Achieving the Right Balance in Your Long-Term Financial Plan

Throw on your lulu Align leggings, ladies, because today, we’re talking about #balance.

As much as I’m an advocate for balance in the woo-woo sense (start each day meditating to the sounds of birds chirping and journal about your innermost thoughts about whether Euphoria’s episode 6 spoilers were accurate; you know the drill), I think a more practical area to focus your efforts toward balance is in the realm of the different areas of investment you have in your life.

Namely, your money, your time, your relationships, and your work.

These different areas of investment are clearly interrelated, but it’s wild how out-of-balance they can become when we’re not being intentional about where we’re investing our finite energy resources.

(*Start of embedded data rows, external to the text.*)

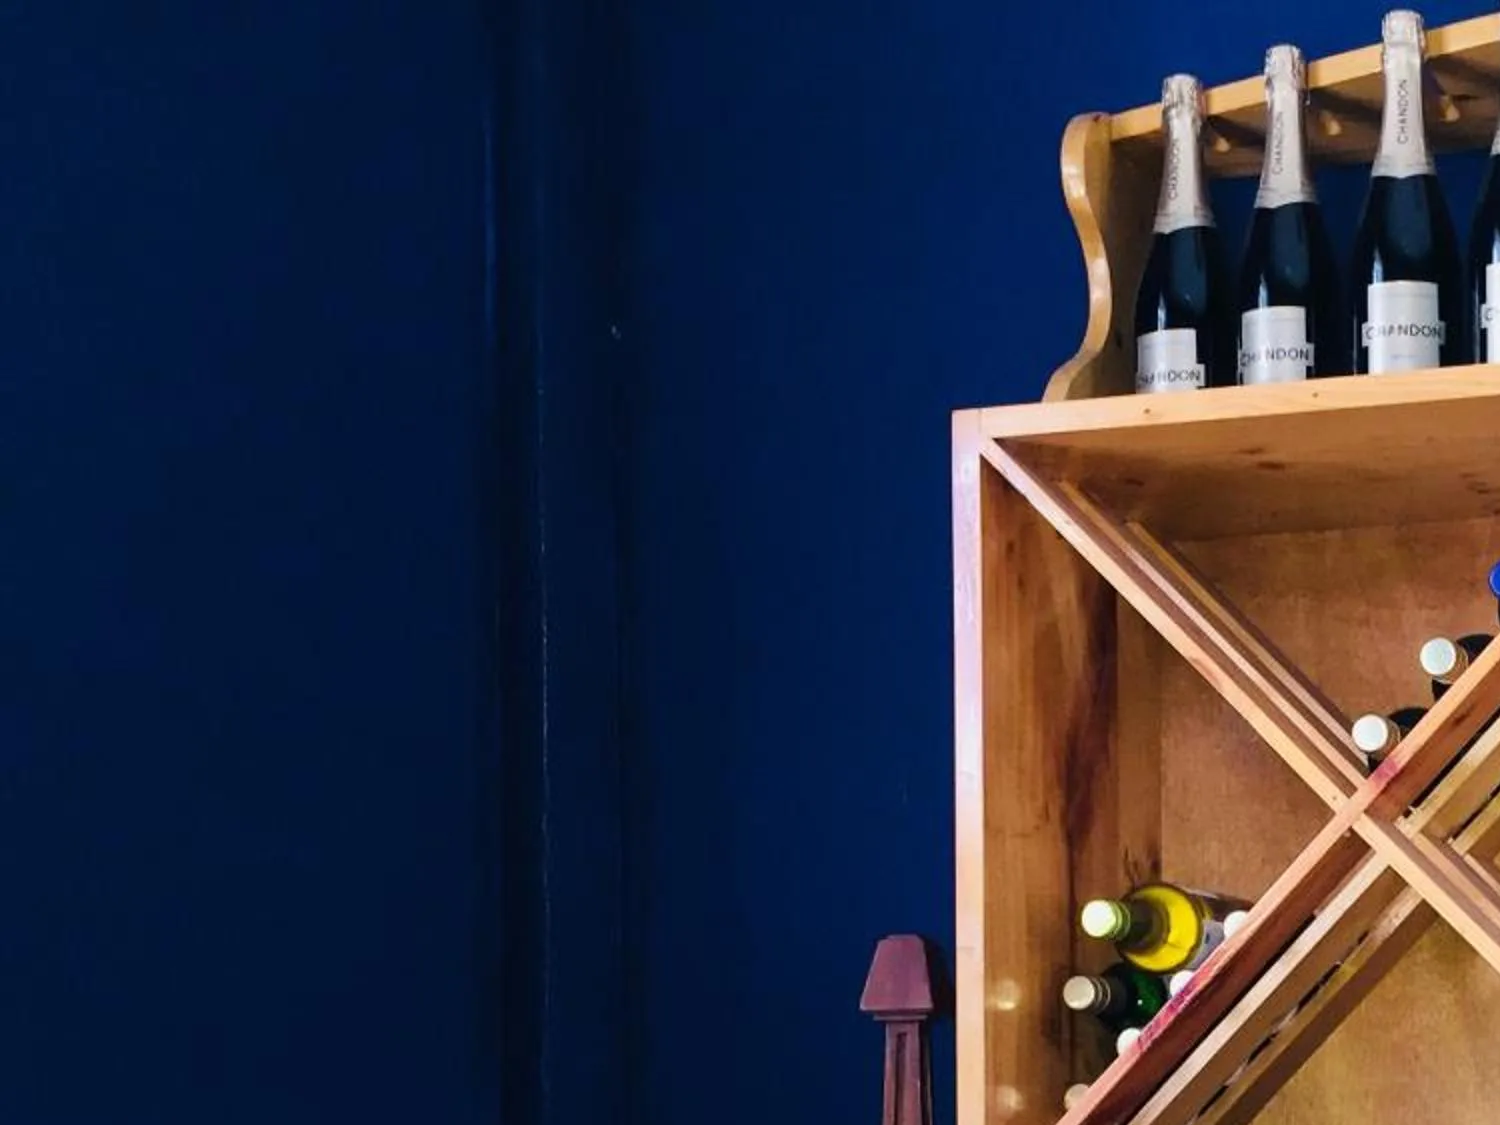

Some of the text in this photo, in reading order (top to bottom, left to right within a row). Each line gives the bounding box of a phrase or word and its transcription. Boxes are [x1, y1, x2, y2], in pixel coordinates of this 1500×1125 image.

[1397, 78, 1409, 145] CHANDON
[1272, 111, 1285, 176] CHANDON
[1364, 322, 1442, 341] CHANDON
[1239, 346, 1309, 368] CHNDON
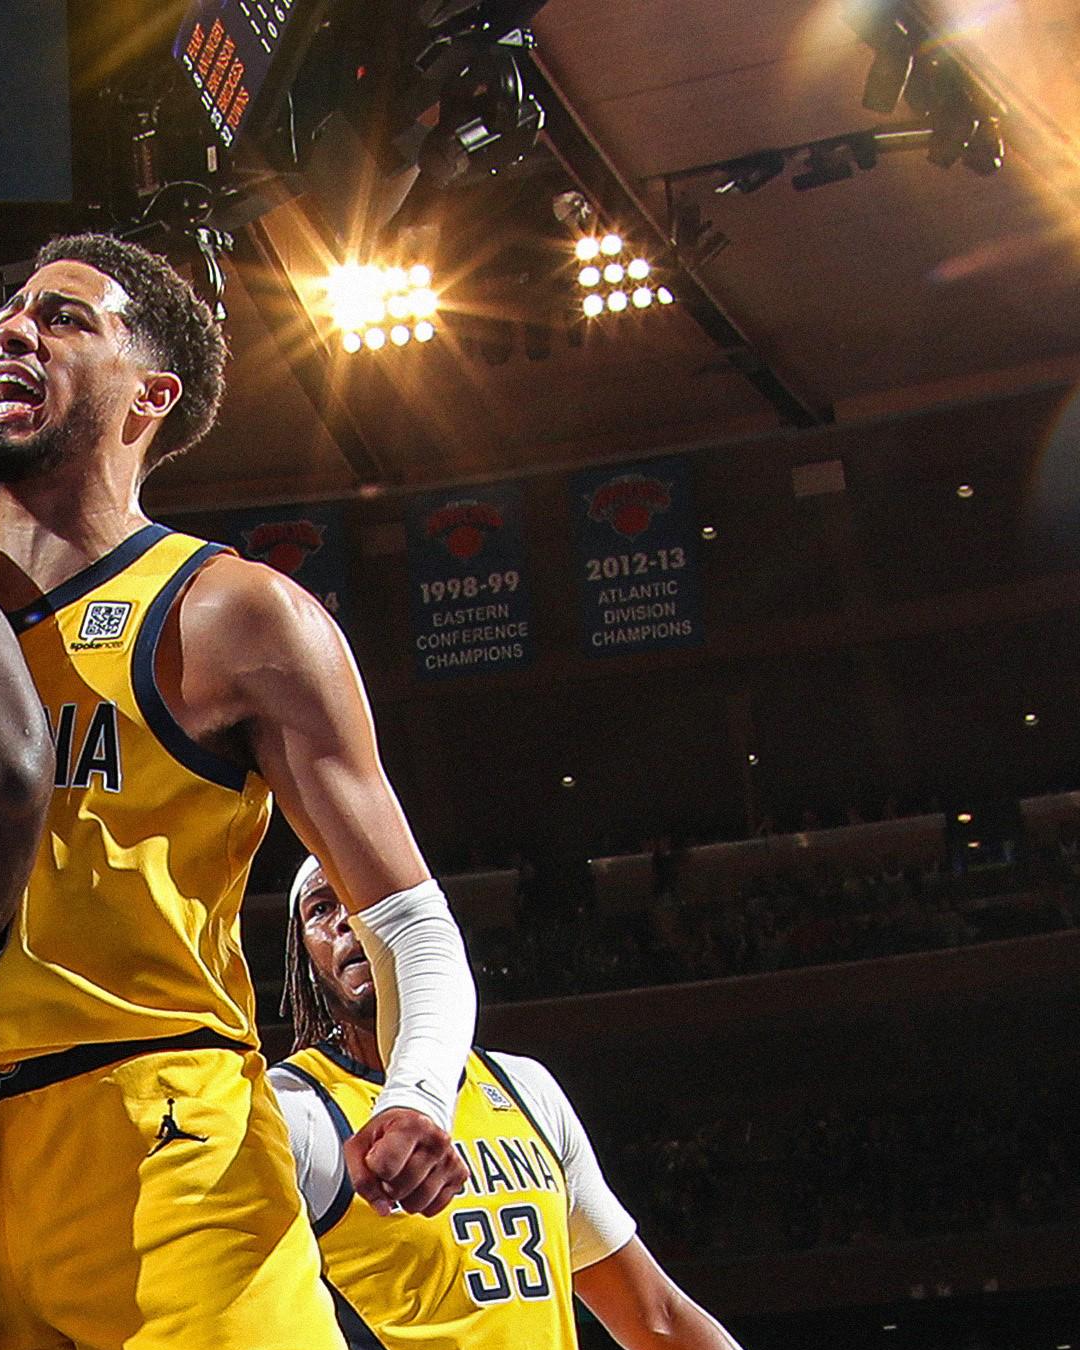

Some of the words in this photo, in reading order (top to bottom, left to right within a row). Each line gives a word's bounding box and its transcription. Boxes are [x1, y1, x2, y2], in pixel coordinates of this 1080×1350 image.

[585, 547, 687, 582] 2012-13
[420, 570, 520, 604] 1998-99
[598, 580, 679, 606] ATLANTIC
[432, 603, 509, 628] EASTERN
[603, 601, 676, 625] DIVISION
[415, 621, 529, 651] CONFERENCE
[591, 619, 693, 647] CHAMPIONS
[424, 642, 524, 671] CHAMPIONS
[454, 1138, 560, 1195] IANA
[450, 1202, 553, 1308] 33
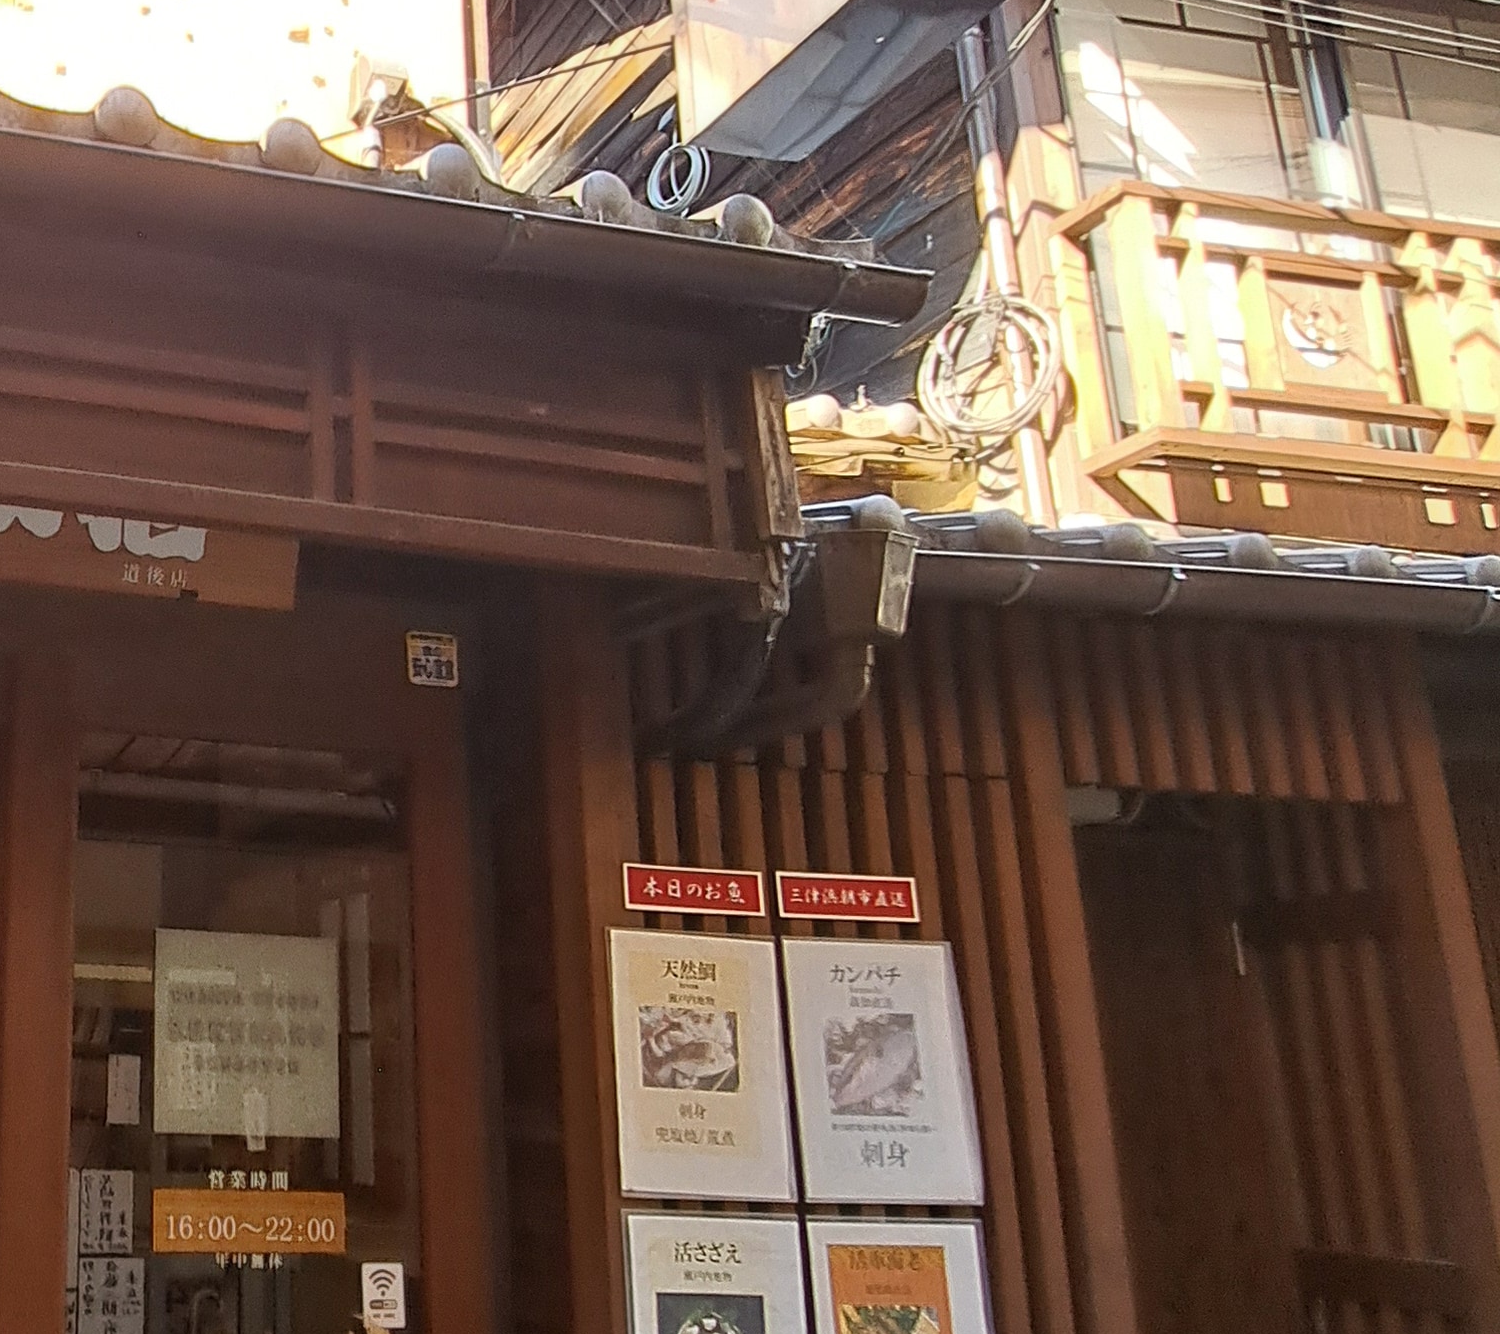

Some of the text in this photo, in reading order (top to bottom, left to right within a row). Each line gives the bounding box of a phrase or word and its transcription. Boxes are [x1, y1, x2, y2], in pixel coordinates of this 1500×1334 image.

And because this is a brand about money (and not about time, relationships, or work, directly), it’s easy for me to focus really intently on the financial investments you’re making (and believe me, they’re important!).

But ultimately, it’s a brand about money because of what I believe to be true about money: That when you have your financial house in order, it can change the trajectory of your life, open new doors, and result in more life satisfaction and happiness for you.

That’s the thing, though: The money itself is not the end goal. As Ray Dalio says in his new book, Principles for Dealing with a Changing World Order, “money” has no inherent value. Wealth, on the other hand, is what we use to get the things we want. It’s purchasing power. Can you afford to take a year off? To travel the world?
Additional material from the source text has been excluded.